* _Instructions for the task_:
Without the pictures, give the records again exactly as they appear.

----

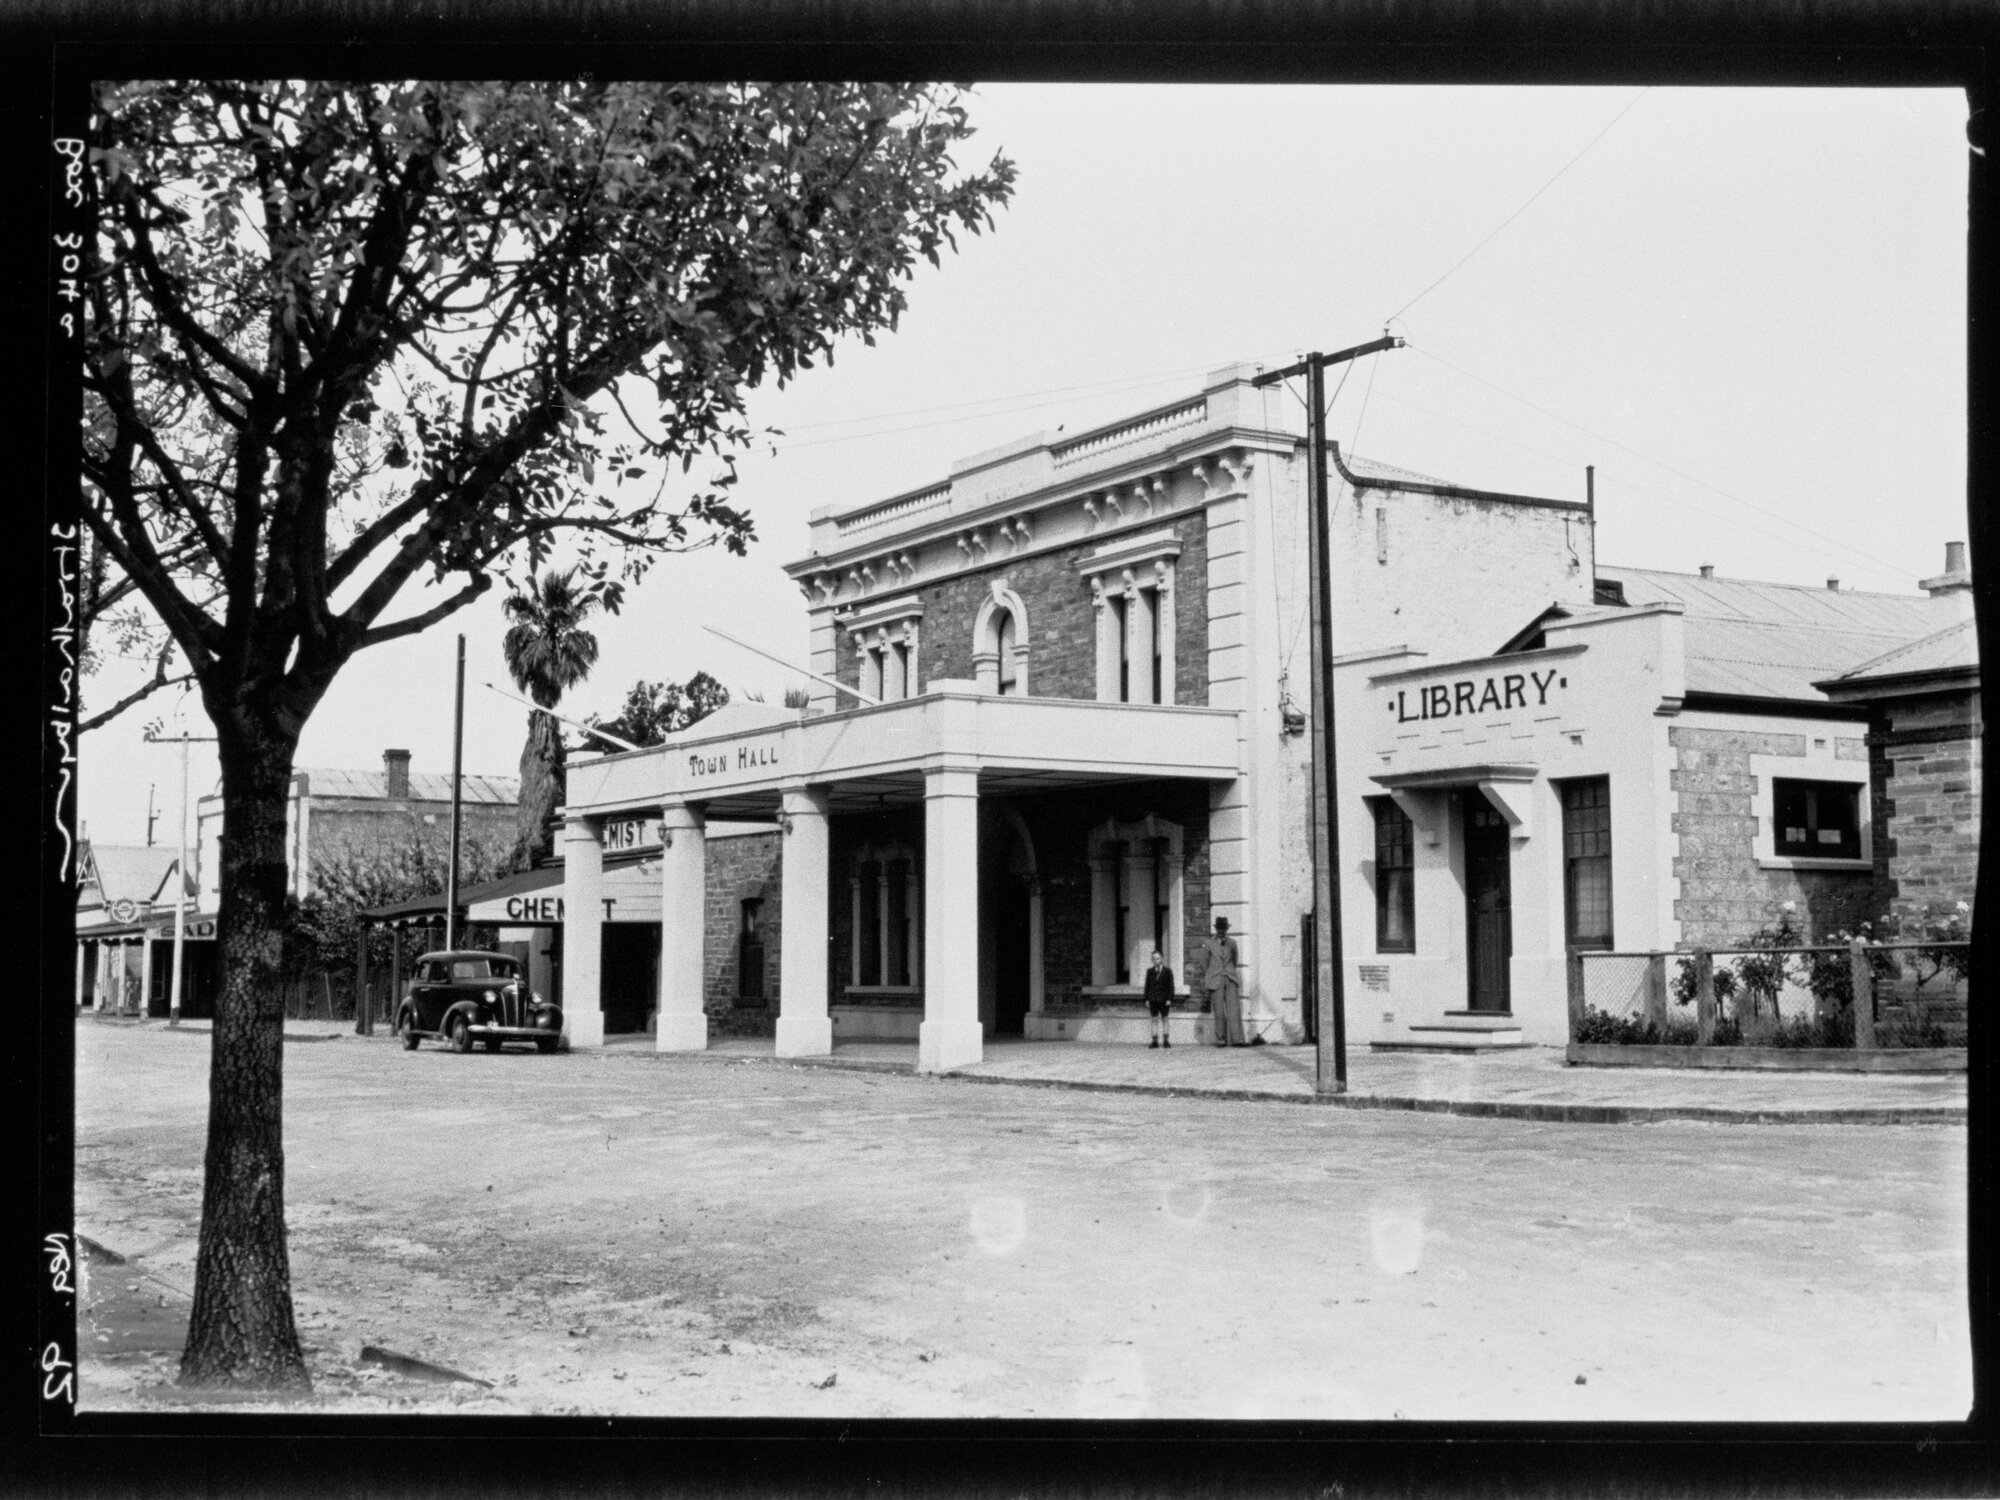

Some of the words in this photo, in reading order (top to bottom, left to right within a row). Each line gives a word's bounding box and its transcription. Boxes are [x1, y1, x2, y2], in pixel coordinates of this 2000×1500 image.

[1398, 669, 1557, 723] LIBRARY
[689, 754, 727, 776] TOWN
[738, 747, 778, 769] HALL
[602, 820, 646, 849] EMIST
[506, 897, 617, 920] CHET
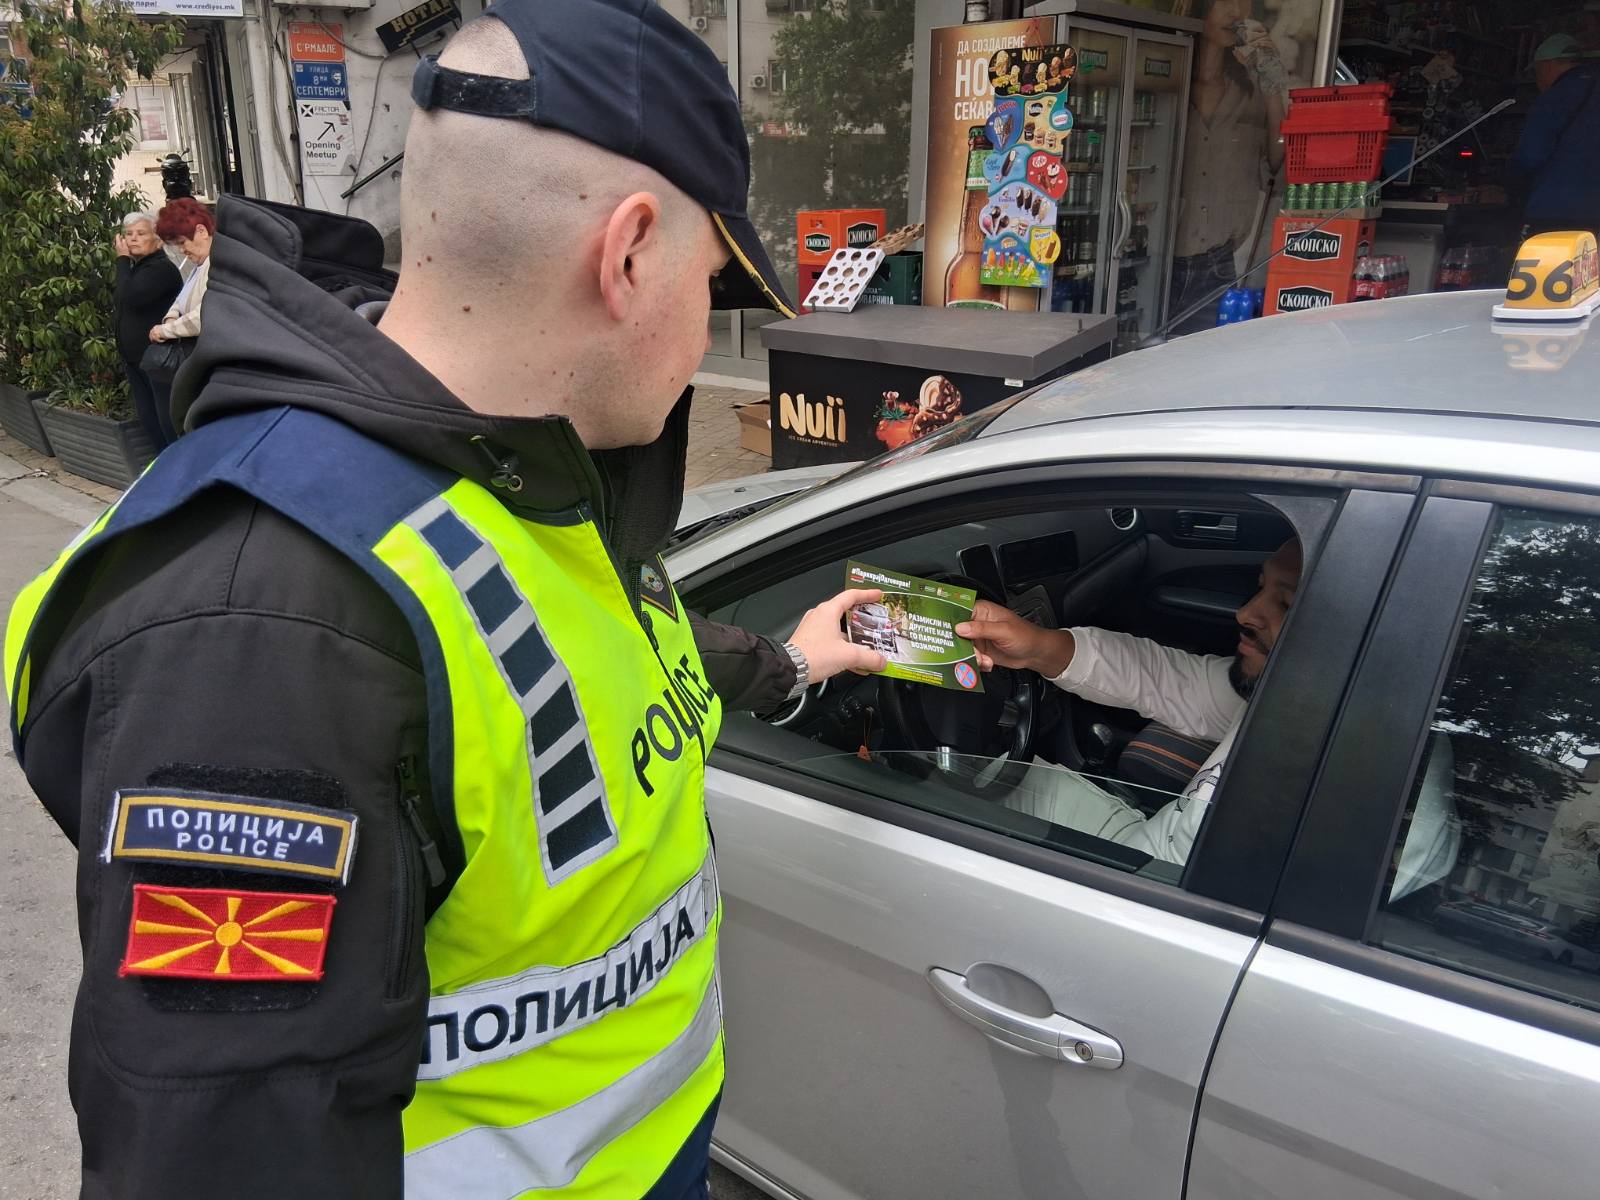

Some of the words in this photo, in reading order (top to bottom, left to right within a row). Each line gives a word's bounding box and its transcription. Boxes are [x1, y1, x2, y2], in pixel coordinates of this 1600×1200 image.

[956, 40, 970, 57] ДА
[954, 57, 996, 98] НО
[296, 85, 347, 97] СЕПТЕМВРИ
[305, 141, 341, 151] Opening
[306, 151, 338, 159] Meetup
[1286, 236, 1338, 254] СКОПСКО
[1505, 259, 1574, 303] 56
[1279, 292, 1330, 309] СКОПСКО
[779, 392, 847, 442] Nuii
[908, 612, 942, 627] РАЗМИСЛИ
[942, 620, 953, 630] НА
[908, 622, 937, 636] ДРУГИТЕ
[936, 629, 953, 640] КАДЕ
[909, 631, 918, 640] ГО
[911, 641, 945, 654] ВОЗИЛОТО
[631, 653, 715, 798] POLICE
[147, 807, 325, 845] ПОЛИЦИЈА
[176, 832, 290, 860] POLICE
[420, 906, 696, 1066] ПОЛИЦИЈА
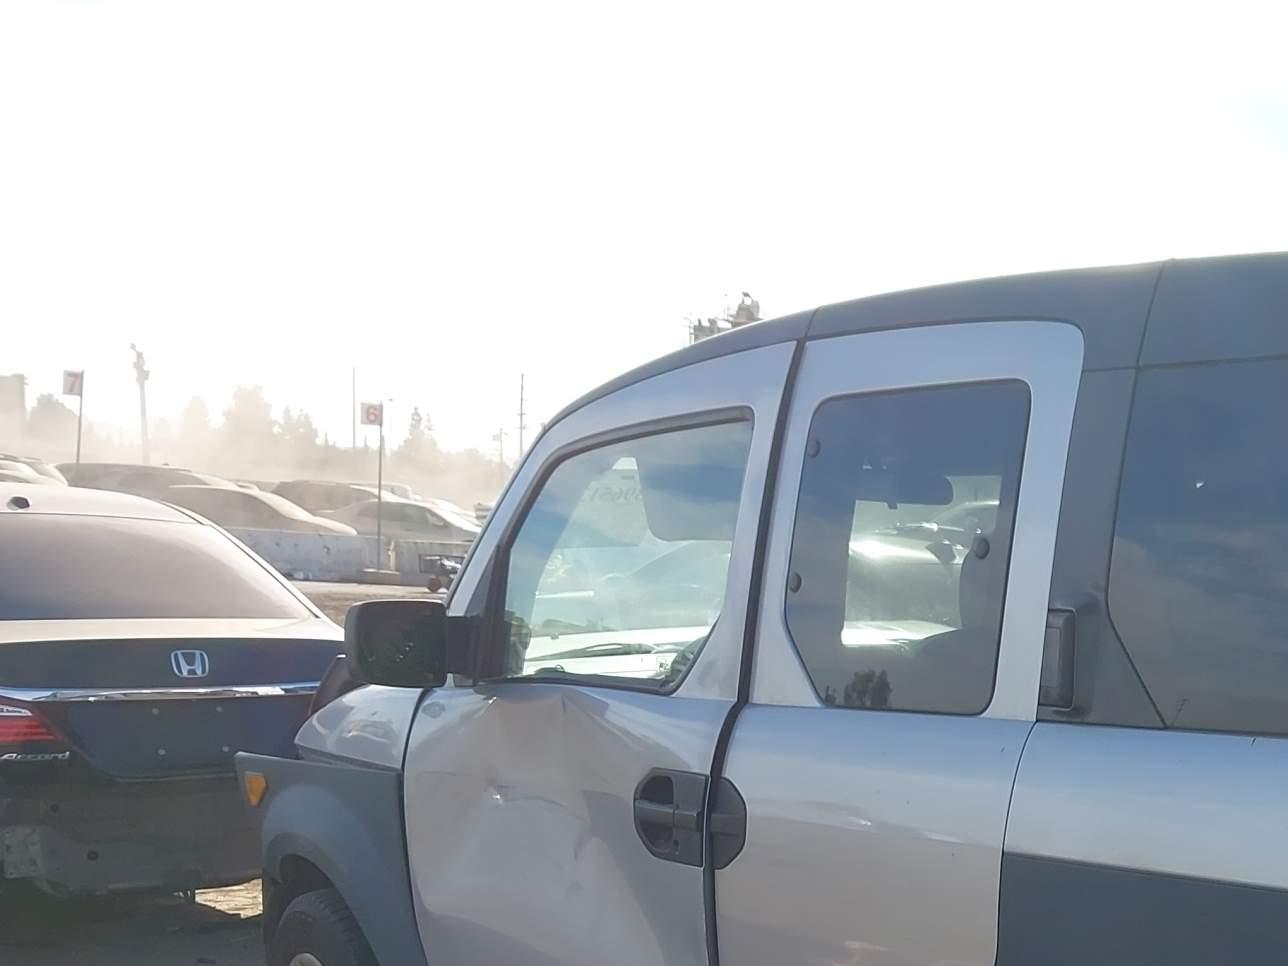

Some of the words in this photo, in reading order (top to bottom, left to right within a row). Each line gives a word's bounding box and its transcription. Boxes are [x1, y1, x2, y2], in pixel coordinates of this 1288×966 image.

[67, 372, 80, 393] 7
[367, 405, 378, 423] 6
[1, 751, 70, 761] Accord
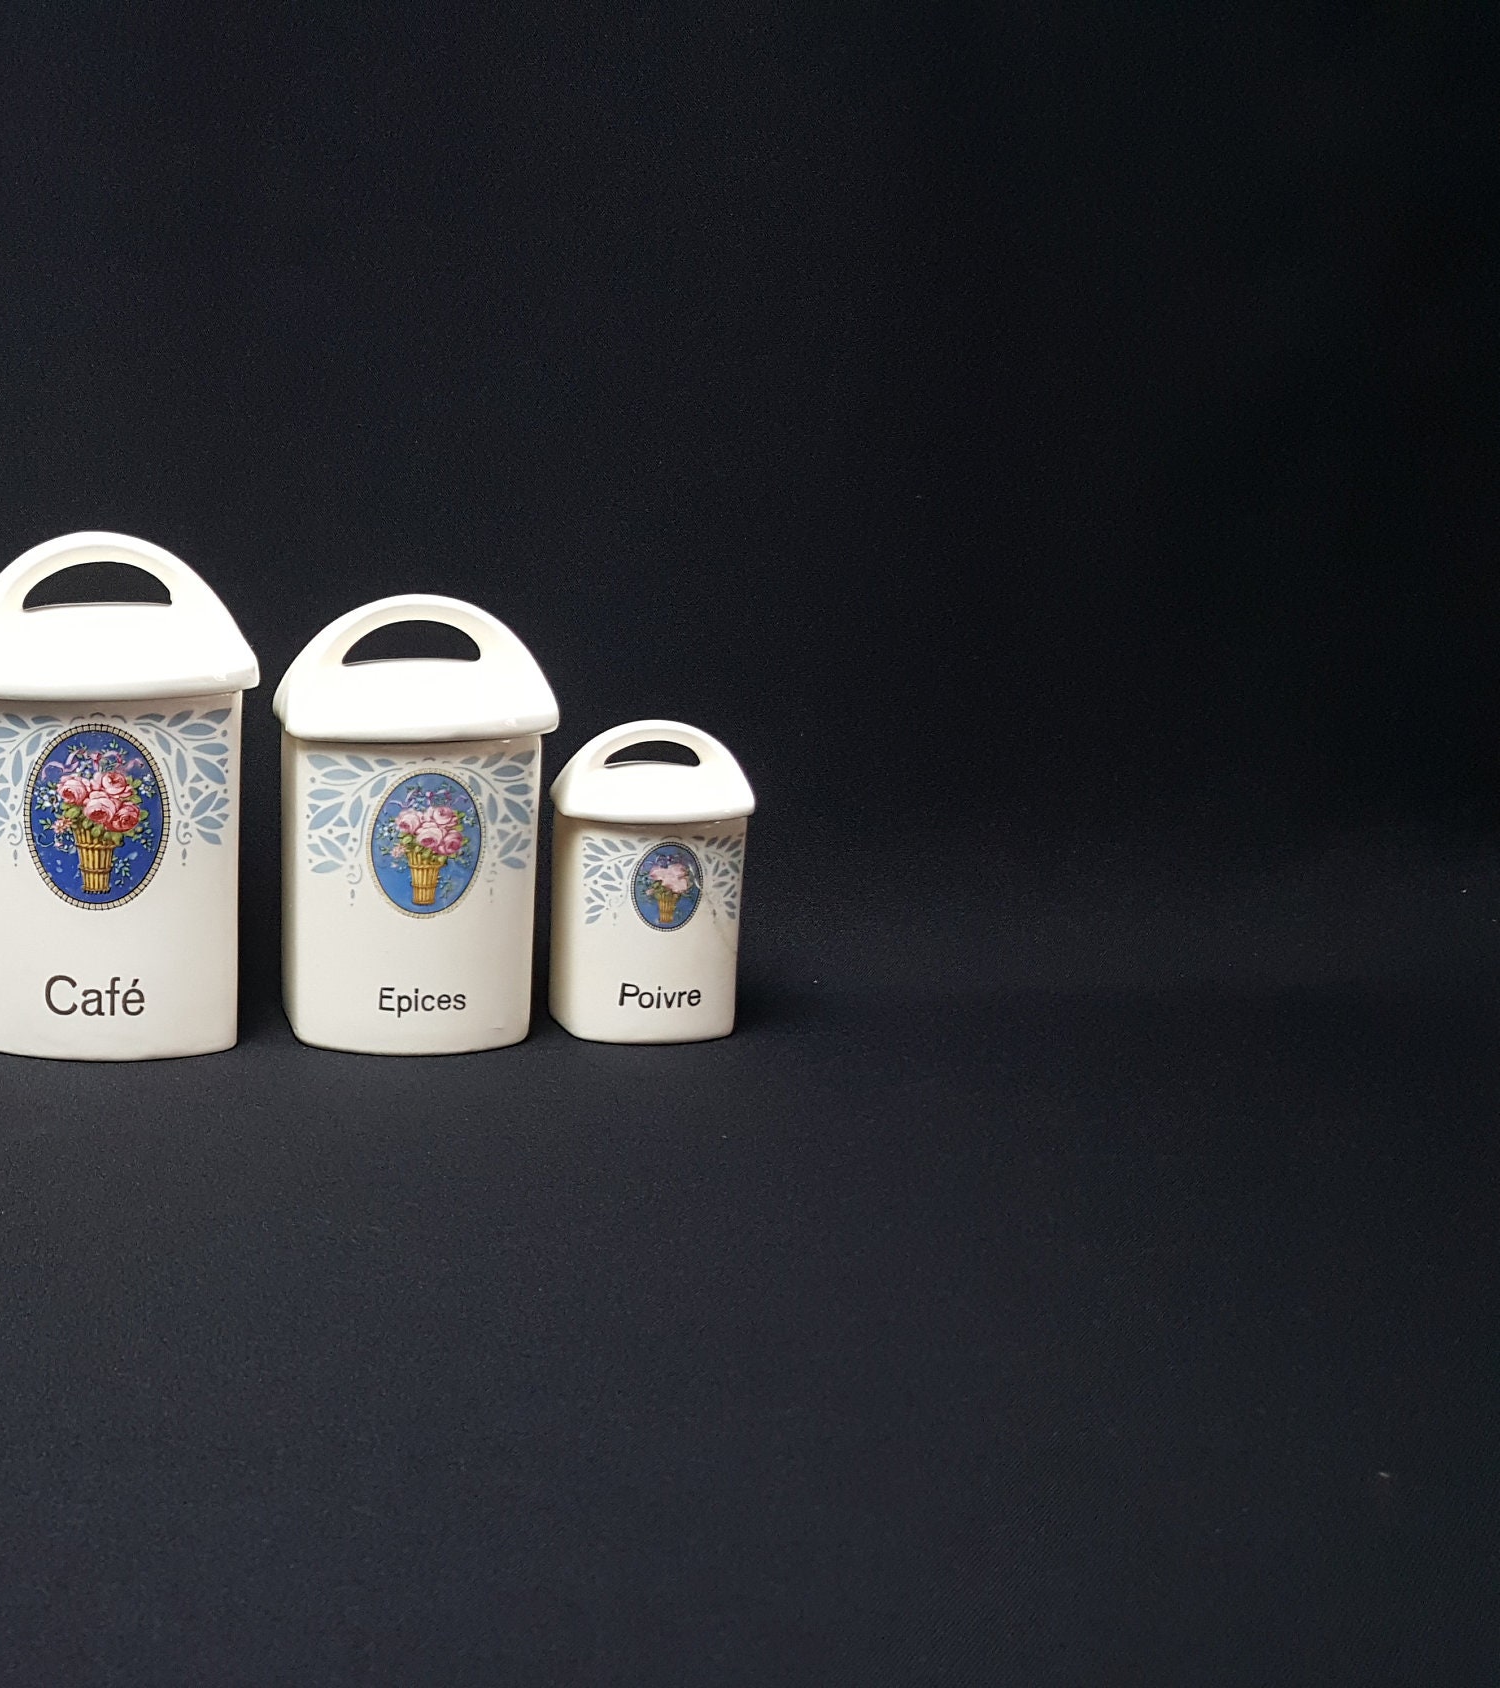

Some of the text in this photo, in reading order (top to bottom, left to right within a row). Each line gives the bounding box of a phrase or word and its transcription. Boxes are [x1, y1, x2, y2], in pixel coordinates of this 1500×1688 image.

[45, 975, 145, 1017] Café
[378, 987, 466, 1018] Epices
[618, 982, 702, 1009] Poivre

----

* _Response_:
Some of the words in this photo, in reading order (top to bottom, left to right within a row). Each line gives a word's bounding box and its transcription. Boxes are [x1, y1, x2, y2], in pixel coordinates of this 2000×1500 image.

[1398, 669, 1557, 723] LIBRARY
[689, 754, 727, 776] TOWN
[738, 747, 778, 769] HALL
[602, 820, 646, 849] EMIST
[506, 897, 617, 920] CHET

Some of the words in this photo, in reading order (top to bottom, left to right within a row). Each line gives a word's bounding box and its transcription. Boxes are [x1, y1, x2, y2], in pixel coordinates of this 1600×1200 image.

[956, 40, 970, 57] ДА
[954, 57, 996, 98] НО
[296, 85, 347, 97] СЕПТЕМВРИ
[305, 141, 341, 151] Opening
[306, 151, 338, 159] Meetup
[1286, 236, 1338, 254] СКОПСКО
[1505, 259, 1574, 303] 56
[1279, 292, 1330, 309] СКОПСКО
[779, 392, 847, 442] Nuii
[908, 612, 942, 627] РАЗМИСЛИ
[942, 620, 953, 630] НА
[908, 622, 937, 636] ДРУГИТЕ
[936, 629, 953, 640] КАДЕ
[909, 631, 918, 640] ГО
[911, 641, 945, 654] ВОЗИЛОТО
[631, 653, 715, 798] POLICE
[147, 807, 325, 845] ПОЛИЦИЈА
[176, 832, 290, 860] POLICE
[420, 906, 696, 1066] ПОЛИЦИЈА

Some of the words in this photo, in reading order (top to bottom, left to right within a row). Each line gives a word's bounding box and its transcription. Boxes are [x1, y1, x2, y2], in pixel coordinates of this 1288×966 image.

[67, 372, 80, 393] 7
[367, 405, 378, 423] 6
[1, 751, 70, 761] Accord

Some of the text in this photo, in reading order (top to bottom, left to right within a row). Each line gives the bounding box of a phrase or word and its transcription. Boxes are [x1, y1, x2, y2], in pixel coordinates of this 1500×1688 image.

[45, 975, 145, 1017] Café
[378, 987, 466, 1018] Epices
[618, 982, 702, 1009] Poivre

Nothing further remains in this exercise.